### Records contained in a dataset

========================================================================

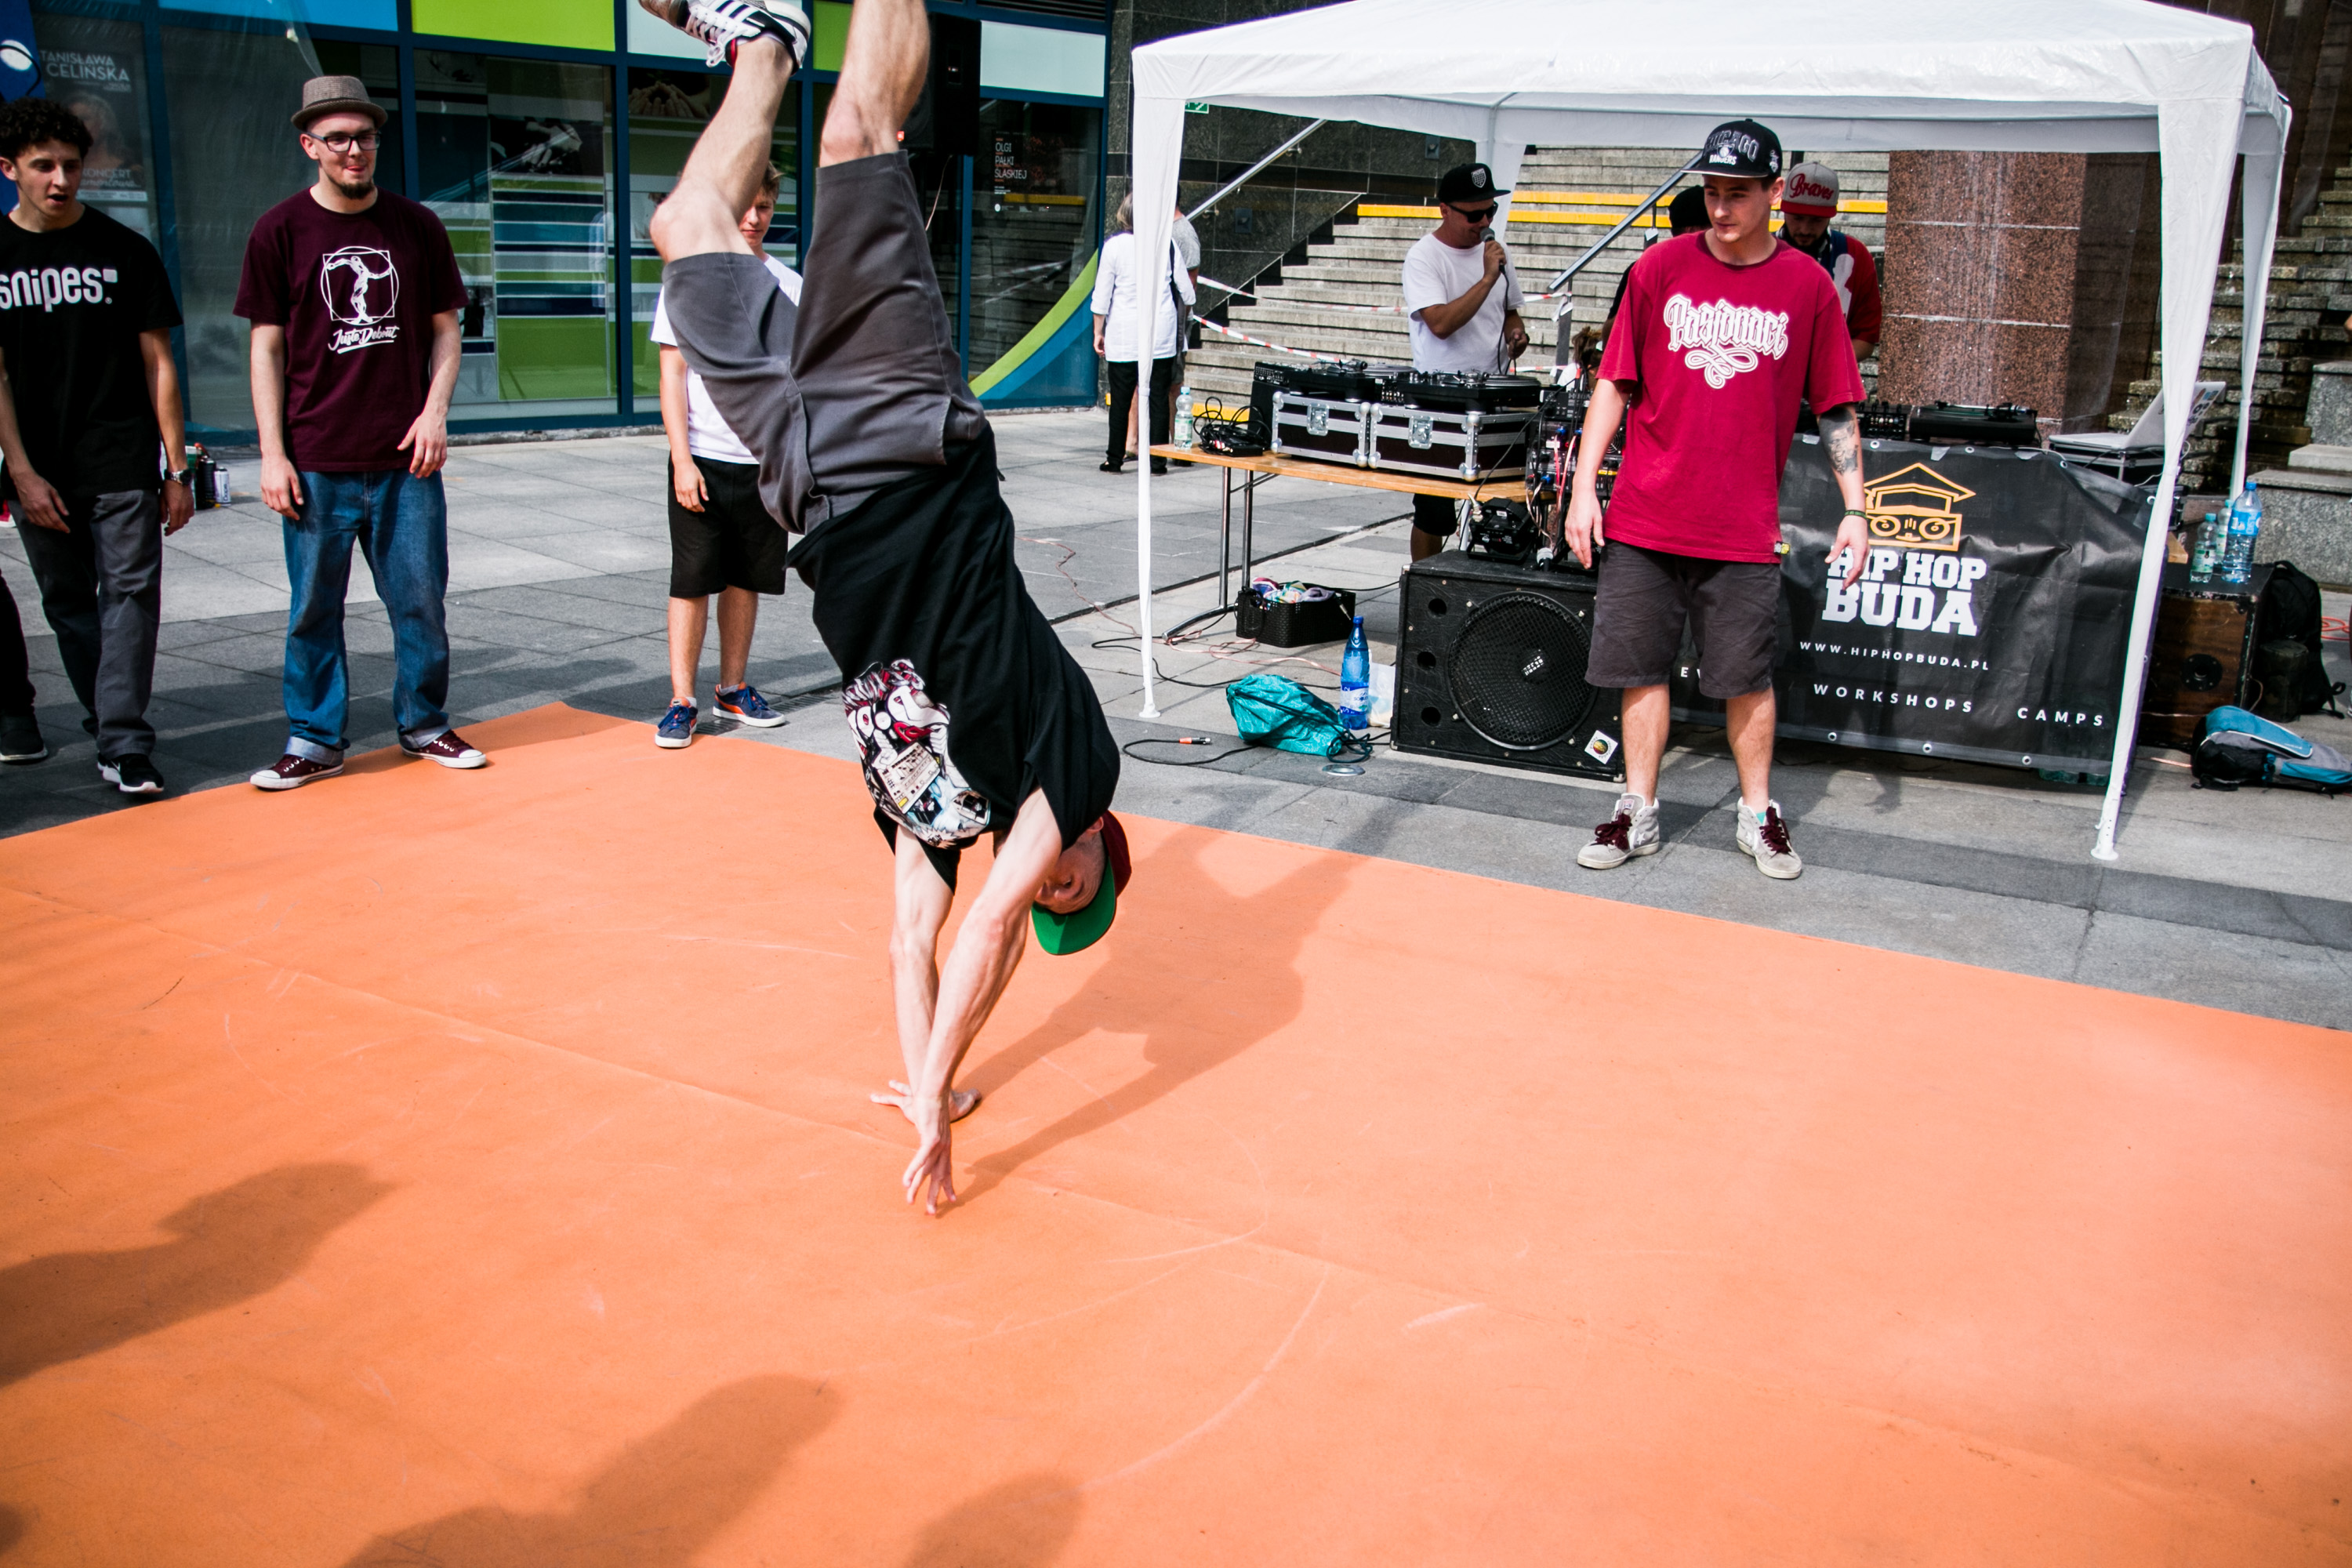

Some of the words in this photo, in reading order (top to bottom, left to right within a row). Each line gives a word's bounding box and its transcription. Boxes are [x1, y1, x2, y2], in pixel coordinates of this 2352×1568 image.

[40, 49, 116, 67] TANISŁAWA
[45, 62, 130, 82] CELIŃSKA
[995, 142, 1012, 153] OLGI
[1790, 172, 1835, 200] Braves
[0, 267, 103, 312] snipes
[1828, 546, 1899, 581] HIP
[1902, 552, 1987, 590] HOP
[1821, 578, 1978, 637] BUDA
[1800, 641, 1989, 670] WWW.HIPHOPBUDA.PL
[1813, 684, 1973, 713] WORKSHOPS
[2017, 707, 2103, 727] CAMPS
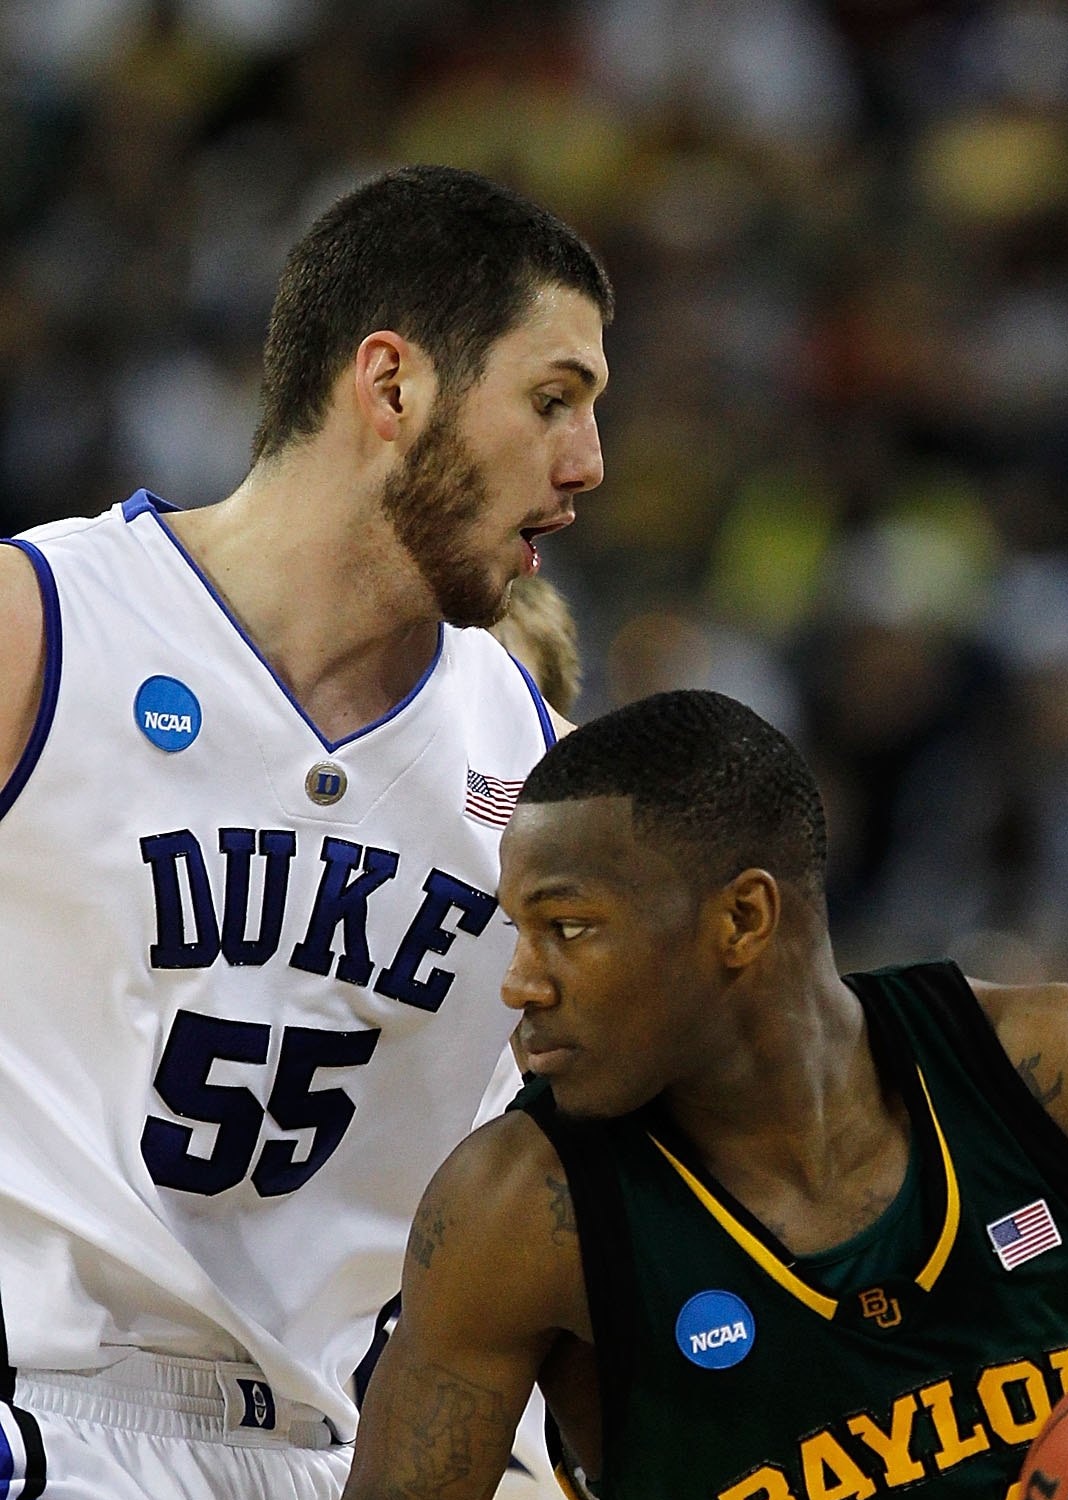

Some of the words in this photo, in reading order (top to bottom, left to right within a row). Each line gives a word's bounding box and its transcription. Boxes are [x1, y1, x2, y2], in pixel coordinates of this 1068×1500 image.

[144, 711, 192, 733] NCAA
[139, 828, 499, 1013] DUKE
[140, 1009, 382, 1198] 55
[689, 1321, 747, 1354] NCAA
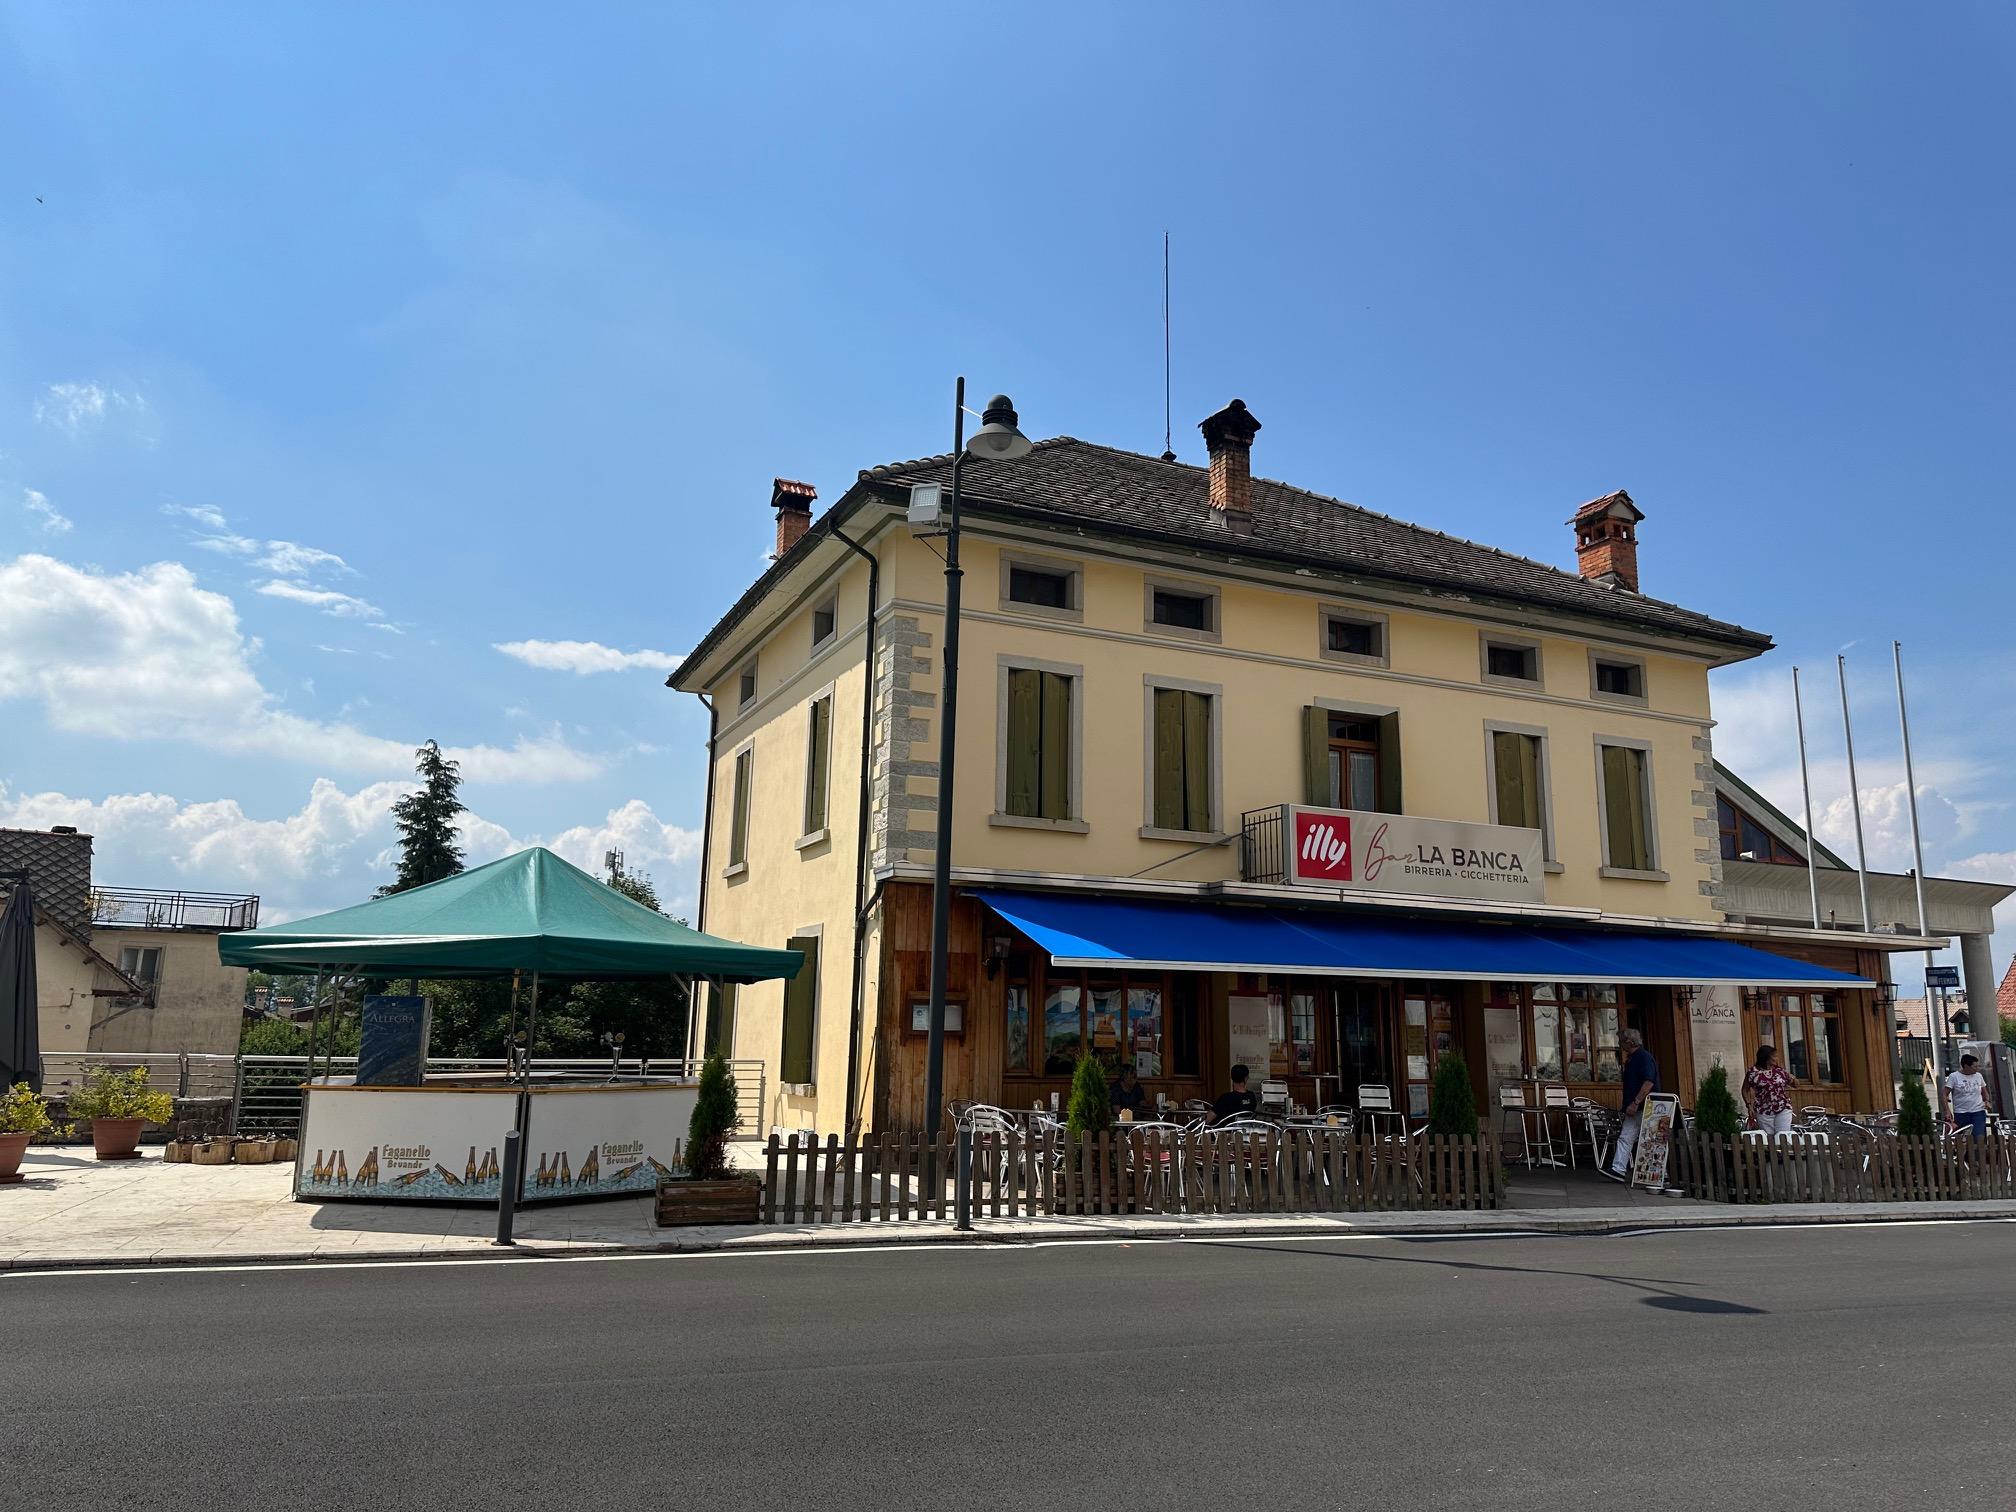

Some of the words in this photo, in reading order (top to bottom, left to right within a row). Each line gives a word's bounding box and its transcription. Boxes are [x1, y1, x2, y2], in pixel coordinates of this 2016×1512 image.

[1302, 823, 1347, 871] illy
[1364, 822, 1417, 881] Bar
[1417, 845, 1445, 865] LA
[1451, 848, 1523, 872] BANCA
[1404, 865, 1452, 878] BIRRERIA
[1460, 870, 1529, 884] CICCHETTERIA
[370, 1013, 416, 1023] ALLEGRA
[382, 1144, 431, 1160] Faganello
[602, 1140, 643, 1157] Faganello
[387, 1159, 423, 1169] Bevande

========================================================================

### Task instructions
Every record above, copied exactly and without a single picture, makes up the answer.

### The answer
Some of the words in this photo, in reading order (top to bottom, left to right within a row). Each line gives a word's bounding box and its transcription. Boxes are [x1, y1, x2, y2], in pixel coordinates of this 2352×1568 image.

[40, 49, 116, 67] TANISŁAWA
[45, 62, 130, 82] CELIŃSKA
[995, 142, 1012, 153] OLGI
[1790, 172, 1835, 200] Braves
[0, 267, 103, 312] snipes
[1828, 546, 1899, 581] HIP
[1902, 552, 1987, 590] HOP
[1821, 578, 1978, 637] BUDA
[1800, 641, 1989, 670] WWW.HIPHOPBUDA.PL
[1813, 684, 1973, 713] WORKSHOPS
[2017, 707, 2103, 727] CAMPS

Some of the words in this photo, in reading order (top to bottom, left to right within a row). Each line gives a word's bounding box and its transcription. Boxes are [x1, y1, x2, y2], in pixel coordinates of this 1068×1500 image.

[144, 711, 192, 733] NCAA
[139, 828, 499, 1013] DUKE
[140, 1009, 382, 1198] 55
[689, 1321, 747, 1354] NCAA

Some of the words in this photo, in reading order (top to bottom, left to right within a row). Each line gives a word's bounding box and its transcription. Boxes are [x1, y1, x2, y2], in pixel coordinates of this 2016×1512 image.

[1302, 823, 1347, 871] illy
[1364, 822, 1417, 881] Bar
[1417, 845, 1445, 865] LA
[1451, 848, 1523, 872] BANCA
[1404, 865, 1452, 878] BIRRERIA
[1460, 870, 1529, 884] CICCHETTERIA
[370, 1013, 416, 1023] ALLEGRA
[382, 1144, 431, 1160] Faganello
[602, 1140, 643, 1157] Faganello
[387, 1159, 423, 1169] Bevande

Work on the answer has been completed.